[Data provided — start]
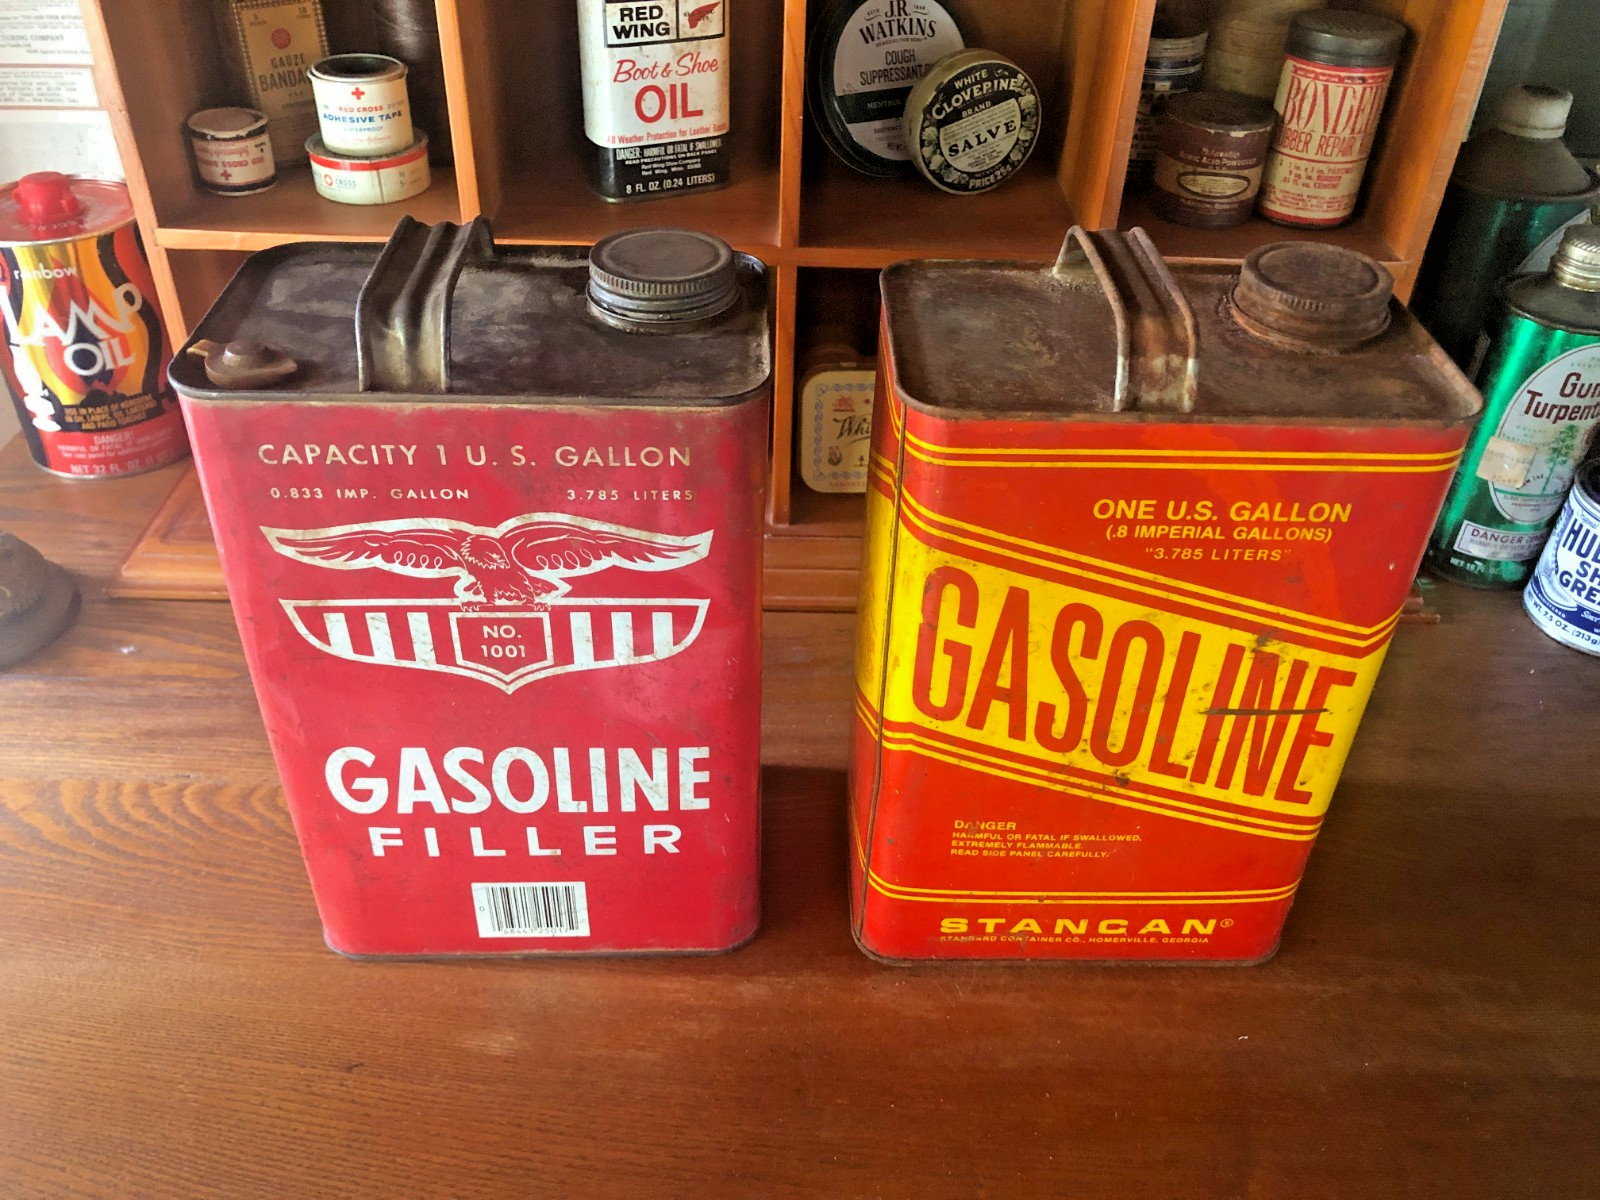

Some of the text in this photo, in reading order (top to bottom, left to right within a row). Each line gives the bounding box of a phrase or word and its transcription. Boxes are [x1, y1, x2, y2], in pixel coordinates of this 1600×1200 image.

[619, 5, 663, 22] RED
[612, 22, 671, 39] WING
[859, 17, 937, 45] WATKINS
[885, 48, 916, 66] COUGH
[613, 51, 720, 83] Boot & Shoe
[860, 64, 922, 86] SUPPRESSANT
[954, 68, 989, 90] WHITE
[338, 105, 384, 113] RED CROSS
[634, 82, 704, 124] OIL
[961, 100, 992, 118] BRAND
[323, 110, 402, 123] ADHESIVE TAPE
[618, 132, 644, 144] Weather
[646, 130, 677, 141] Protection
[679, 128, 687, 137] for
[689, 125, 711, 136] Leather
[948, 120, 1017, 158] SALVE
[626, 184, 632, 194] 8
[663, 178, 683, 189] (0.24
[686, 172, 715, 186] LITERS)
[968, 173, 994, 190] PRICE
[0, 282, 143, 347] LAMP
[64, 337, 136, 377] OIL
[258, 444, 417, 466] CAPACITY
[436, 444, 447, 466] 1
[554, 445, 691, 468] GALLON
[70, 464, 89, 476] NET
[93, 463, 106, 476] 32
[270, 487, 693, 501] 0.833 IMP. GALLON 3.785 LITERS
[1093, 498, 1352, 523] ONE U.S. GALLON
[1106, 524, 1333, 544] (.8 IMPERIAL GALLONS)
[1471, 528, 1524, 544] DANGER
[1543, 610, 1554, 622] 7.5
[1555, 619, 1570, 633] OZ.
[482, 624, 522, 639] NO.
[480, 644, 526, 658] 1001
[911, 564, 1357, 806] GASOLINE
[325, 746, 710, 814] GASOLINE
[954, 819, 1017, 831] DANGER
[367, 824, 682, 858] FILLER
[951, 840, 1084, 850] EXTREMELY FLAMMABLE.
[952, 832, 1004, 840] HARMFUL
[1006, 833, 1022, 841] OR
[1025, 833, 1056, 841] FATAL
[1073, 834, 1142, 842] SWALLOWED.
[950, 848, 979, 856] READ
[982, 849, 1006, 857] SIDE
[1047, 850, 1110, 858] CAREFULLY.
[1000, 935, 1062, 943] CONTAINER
[Data provided — finish]
Instructions for the task.
Could you find every line in the records above that has the string "DANGER" and copy it?

Result for this exercise.
[1471, 528, 1524, 544] DANGER
[954, 819, 1017, 831] DANGER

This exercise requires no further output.